This correction has been shown to give values that correlate with known values to ±3%^41,47.

Gas-phase unfolding data analysis and modeling

Mass spectra and ion mobility data were analyzed using in-house software written in the Python programming language with a graphical user interface constructed using wxPython (manuscript in preparation). Briefly, MS-only data collected on a Q-TOF 2 instrument was smoothed with MassLynx software prior to being imported and linearized at a step size of one in m/z. Theoretical mass spectra were predicted following equations described in Stengel et al.⁴⁸. Mass, average charge state, width of charge state distribution, resolution, and concentration were fitted to experimental data with least squares regression of the pseudo-χ² function⁴⁸.
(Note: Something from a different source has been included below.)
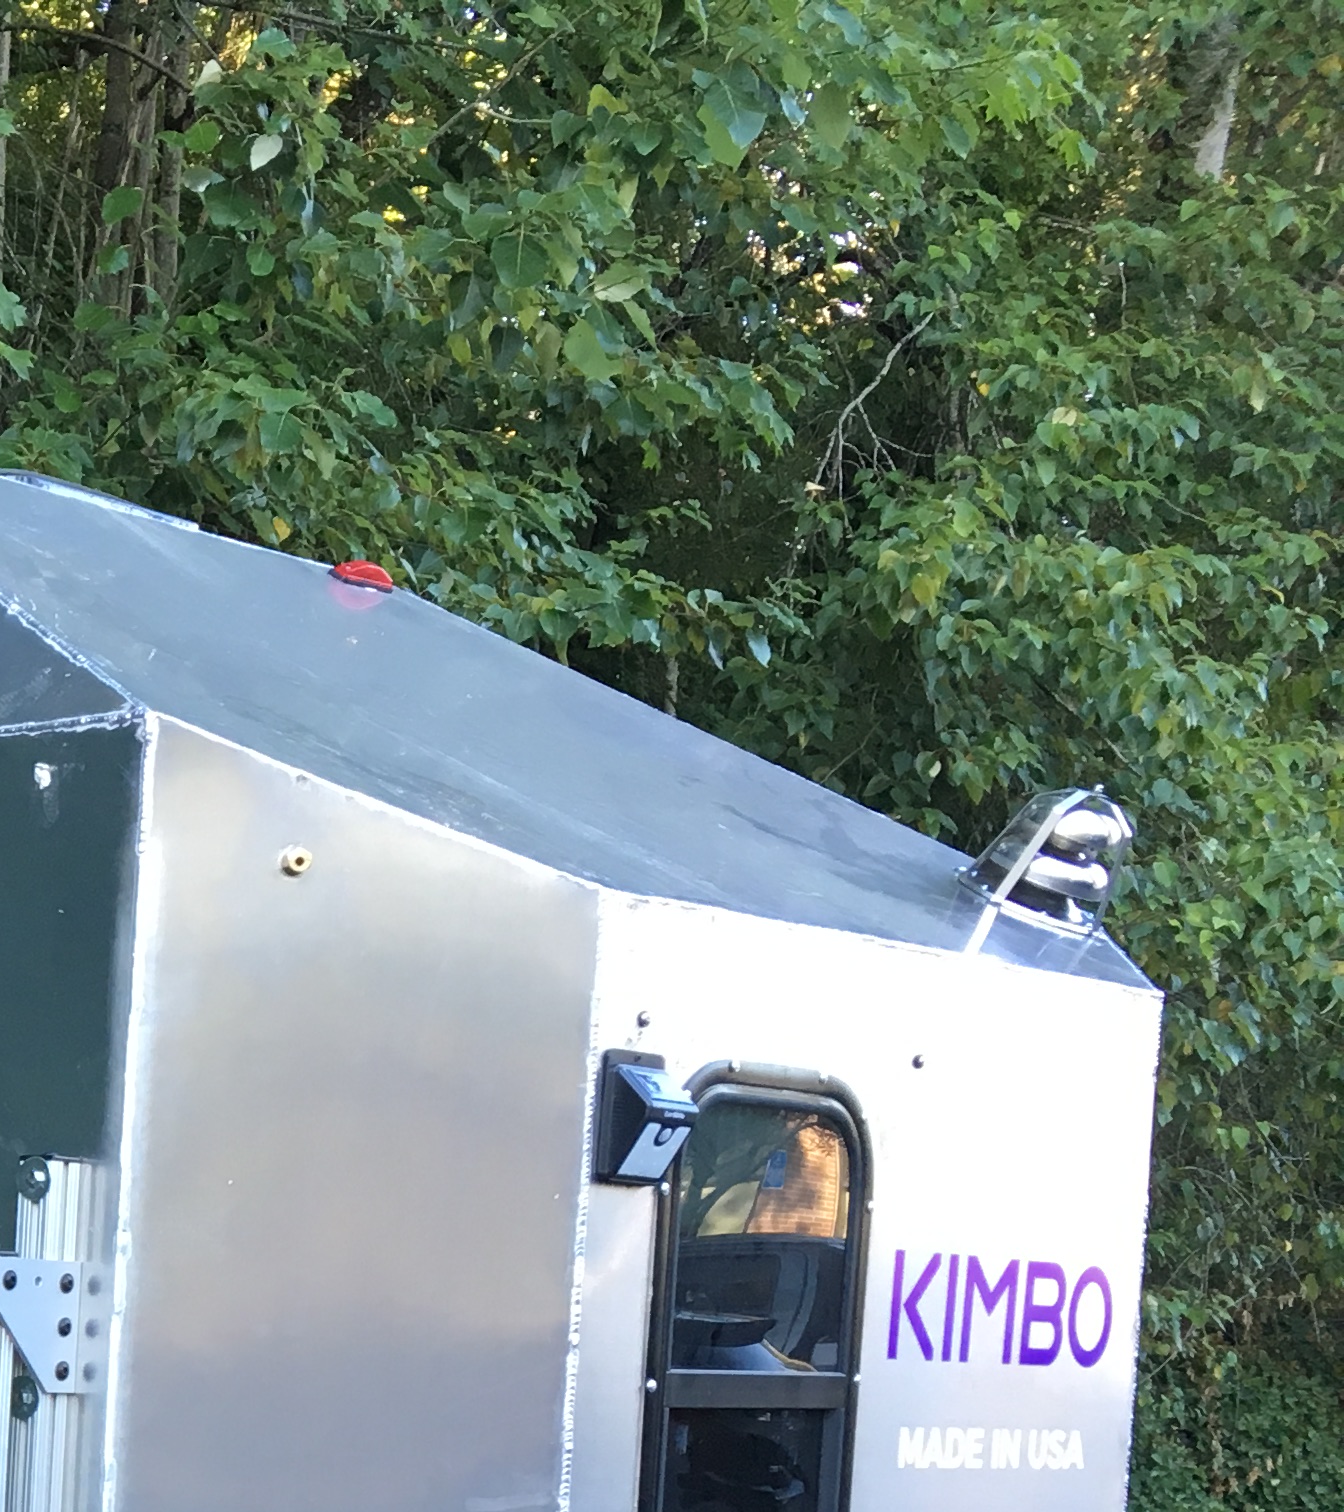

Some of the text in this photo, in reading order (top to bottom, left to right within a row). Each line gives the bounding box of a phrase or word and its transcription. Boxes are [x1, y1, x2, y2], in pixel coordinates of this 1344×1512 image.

[886, 1249, 1113, 1369] KIMBO
[897, 1426, 1085, 1470] MADE IN USA
Ion mobility data were imported using a custom script provided by Waters at an m/z resolution of four in drift data and one in mass spectra for fitting. Mass spectra were smoothed and theoretical mass spectra were fitted as described above. A standardized integration window was employed for extracting arrival time distributions (ATD) using a resolution (R = m/z ÷ Δm/z) of 1000 and a height cut-off of 25% for the modeled Gaussian to the respective m/z peak. To generate gas-phase unfolding plots, ATDs were extracted for the given m/z peak using the standardized integration window followed by normalization. To convert to a CCS axis, arrival time was directly converted to CCS using equations above. This procedure generates gas-phase unfolding data and are plotted using Matplotlib⁴⁹. All ion mobility mass spectra are shown in linear scale.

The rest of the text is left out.